Mr Leye Ajayi is a Consultant Urological Surgeon at St John and St Elizabeth Hospital, specialising in minimally invasive surgery for urinary tract stone disease, prostate cancer and other conditions of the urinary tract. Here, he speaks to us about some of the most common questions that are asked by patients with kidney stones.
Kidney stones are a calcified substance that forms in the urinary tract. There are trace elements within the urinary tract which most patients usually pass this without any problems, but sometimes these form into a larger stone, and that’s when it causes a problem and blocks the kidney.
The cause of kidney stones in most of our patients is dehydration – they just haven’t been drinking enough water. The problem is exacerbated when they exercise a lot, and sweat as a result.
There are also certain metabolic genetic disorders: certain patients who have infections and certain patients who have a high uric acid level in their urine which causes them to form kidney stones. There are also some other genetic disorders such as renal tubular acidosis which affects the way urine acidifies and can result in kidney stones.
Many people have described it as the most excruciating pain that exists. It’s a sudden onset of pain in the side of the loin, which is overwhelming and essentially poleaxes the patient. It can also be associated with nausea and vomiting. If the kidney is obstructed it can cause the patient to have a fever. Often it’s an emergency, which results in a visit to the local accident and emergency, where the patient requires prompt analgesia in an effort to relieve the pain.
While the majority of patients pass the stone spontaneously, there are a number of treatments available should this not occur.
In some cases we have to go in internally, through the natural corridors of the body – through the urethra, up into the bladder and the ureter, and then we can laser the stone using a holmium laser.

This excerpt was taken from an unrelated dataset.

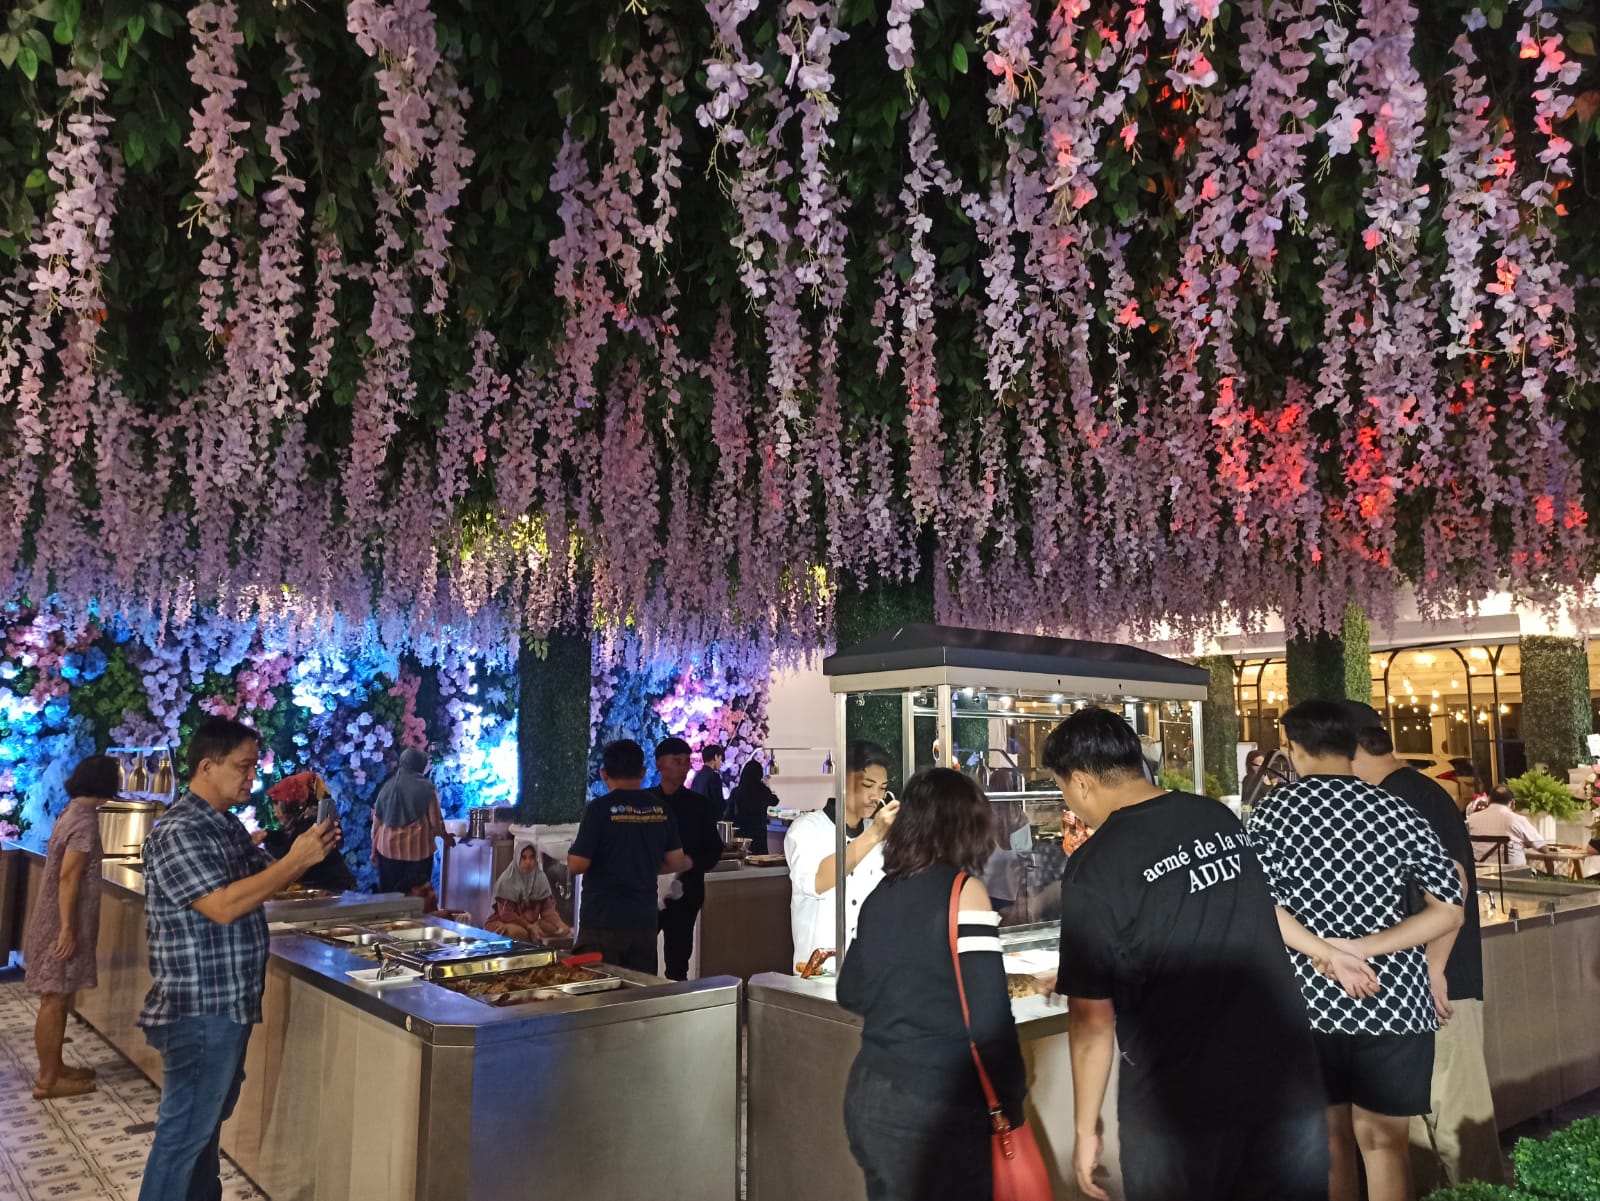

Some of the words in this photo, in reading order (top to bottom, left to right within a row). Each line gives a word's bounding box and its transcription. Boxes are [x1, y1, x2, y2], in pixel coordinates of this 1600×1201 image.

[1143, 844, 1191, 882] acmé
[1193, 838, 1217, 859] de
[1214, 832, 1237, 852] la
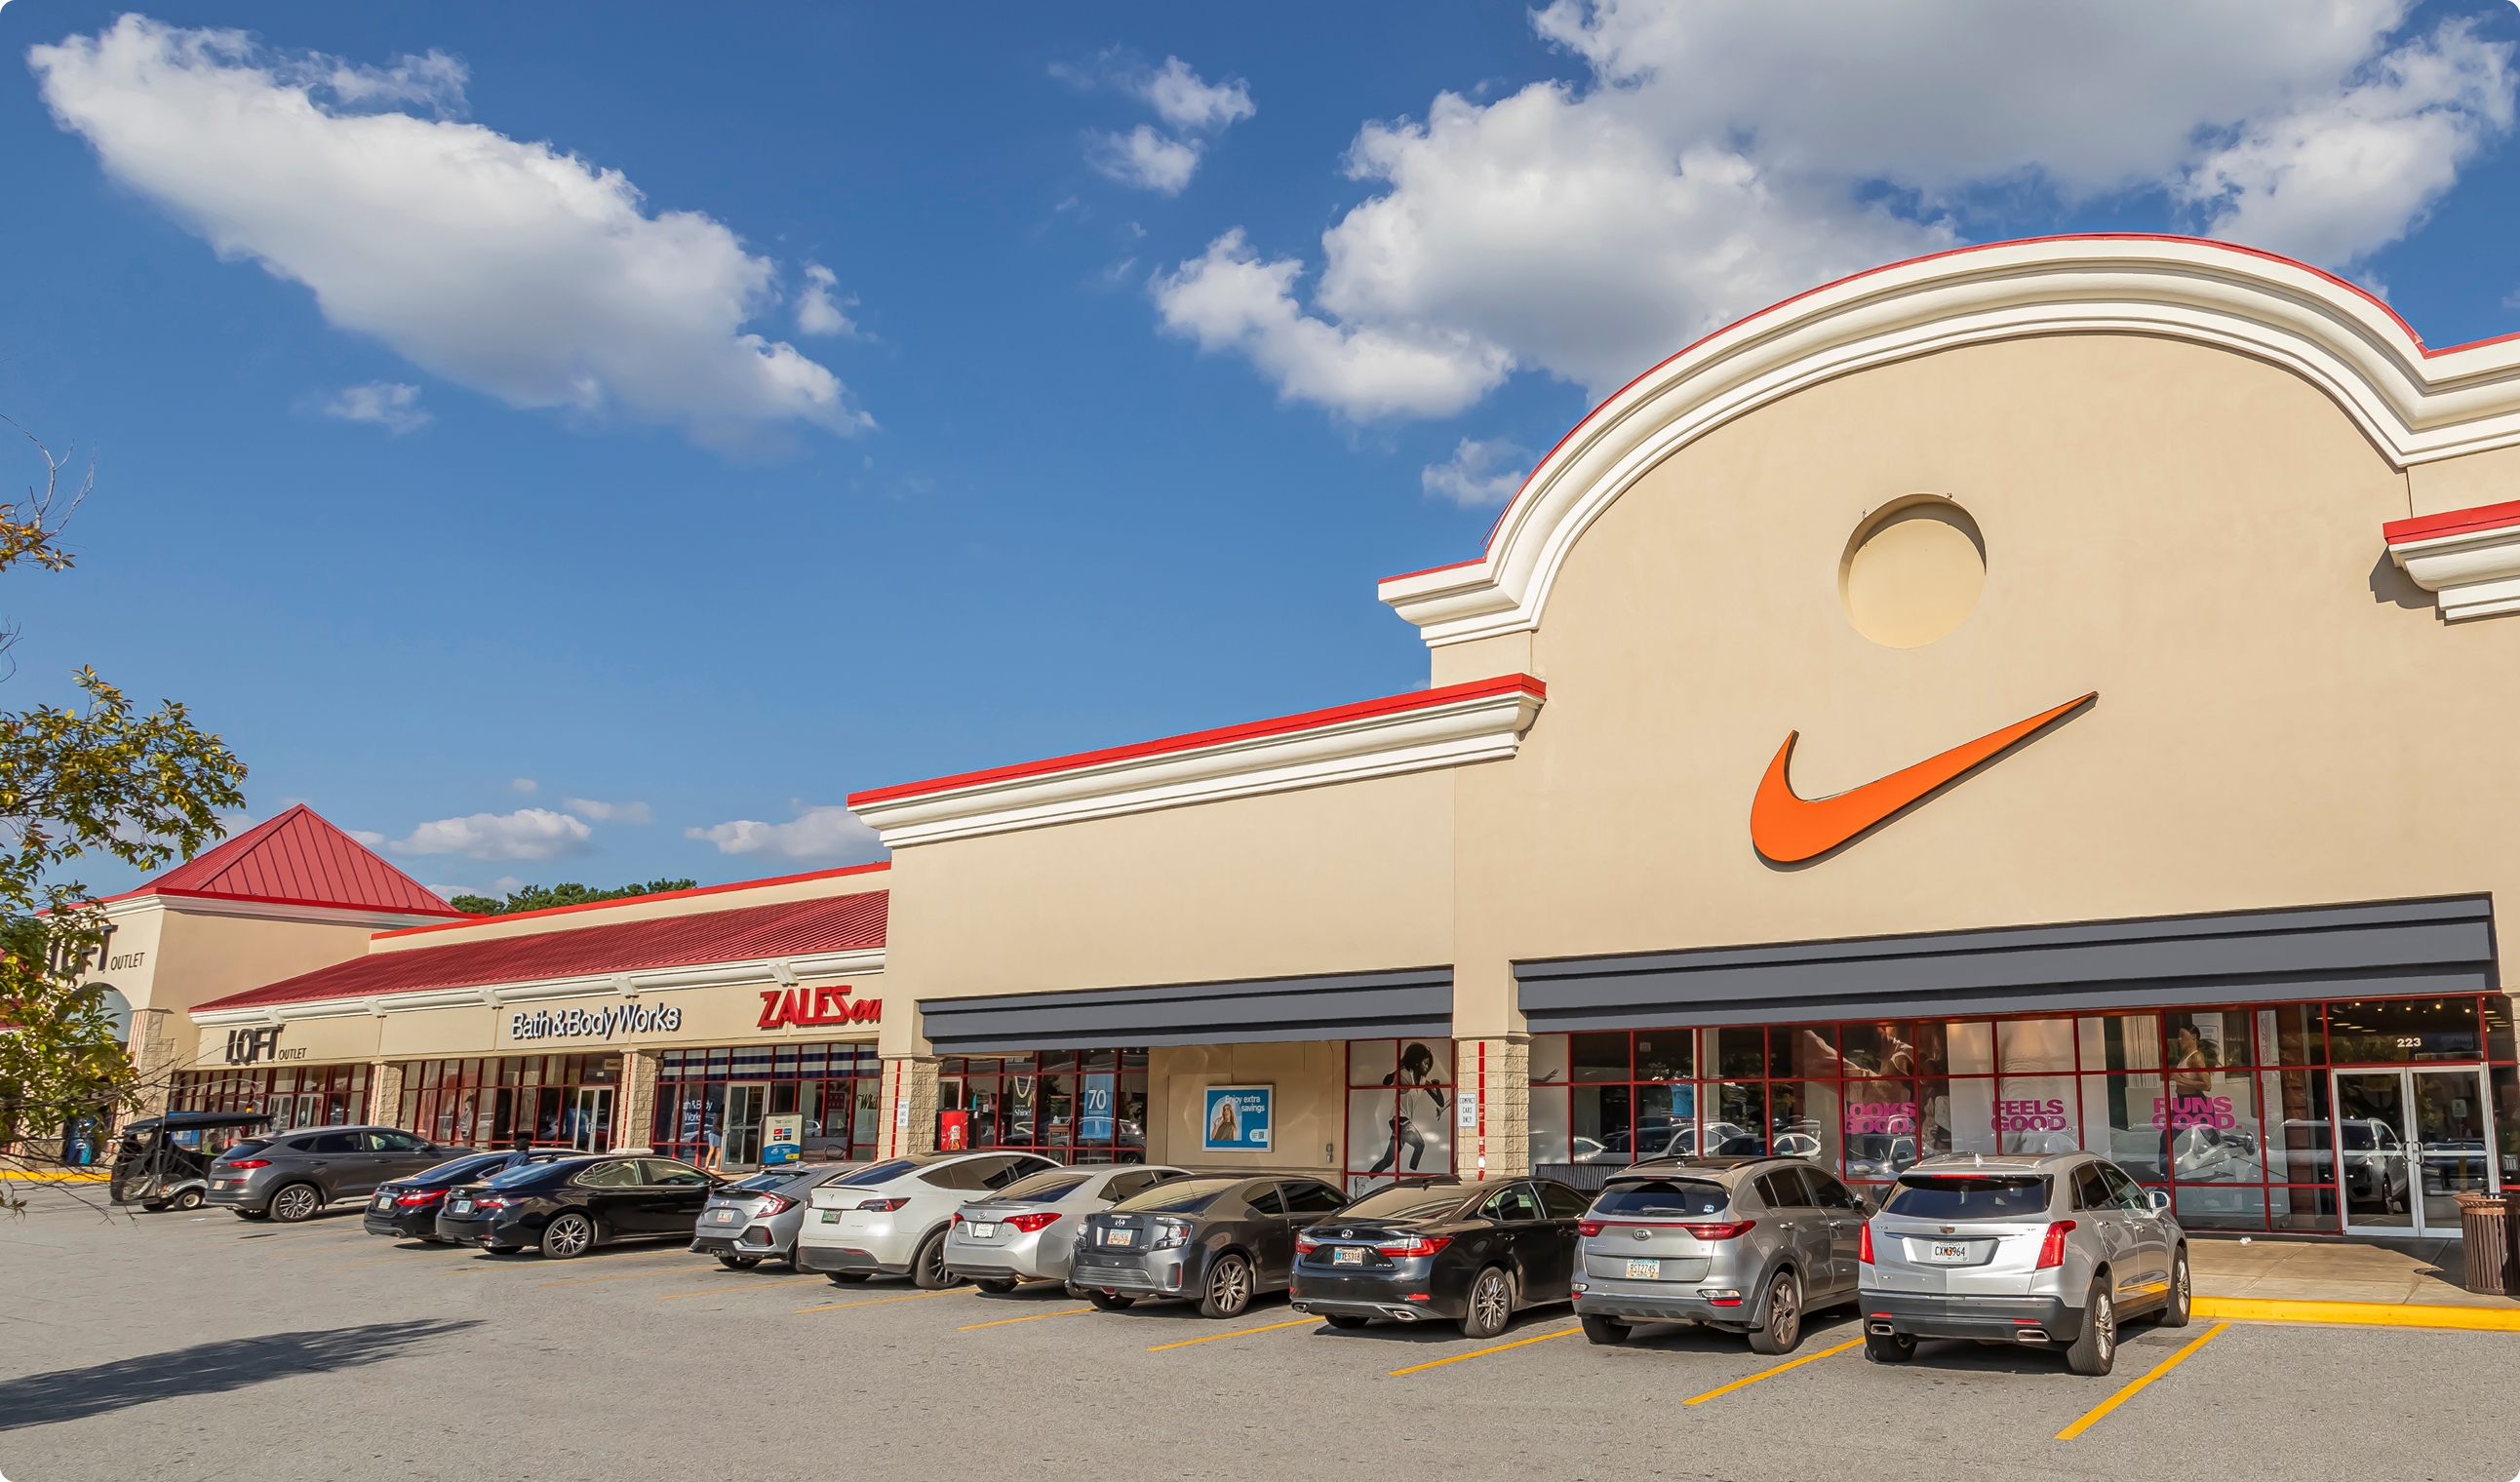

When a patient has a very large kidney stone, it’s not possible to use a laser, so we sometimes have to come from the back using true keyhole surgery, with a procedure called a percutaneous nephrolithotomy, where we essentially make a little puncture to the kidney. We don’t actually cut the kidney – we dilate it, which gives straight access into the kidney so we can then break the stones and remove them.
There is also a non-surgical technique called lithotripsy, where we lie the patient on a machine and focus electromagnetic energy under the patient which breaks the stone into sand particles in the hope that the patient can then pass them spontaneously.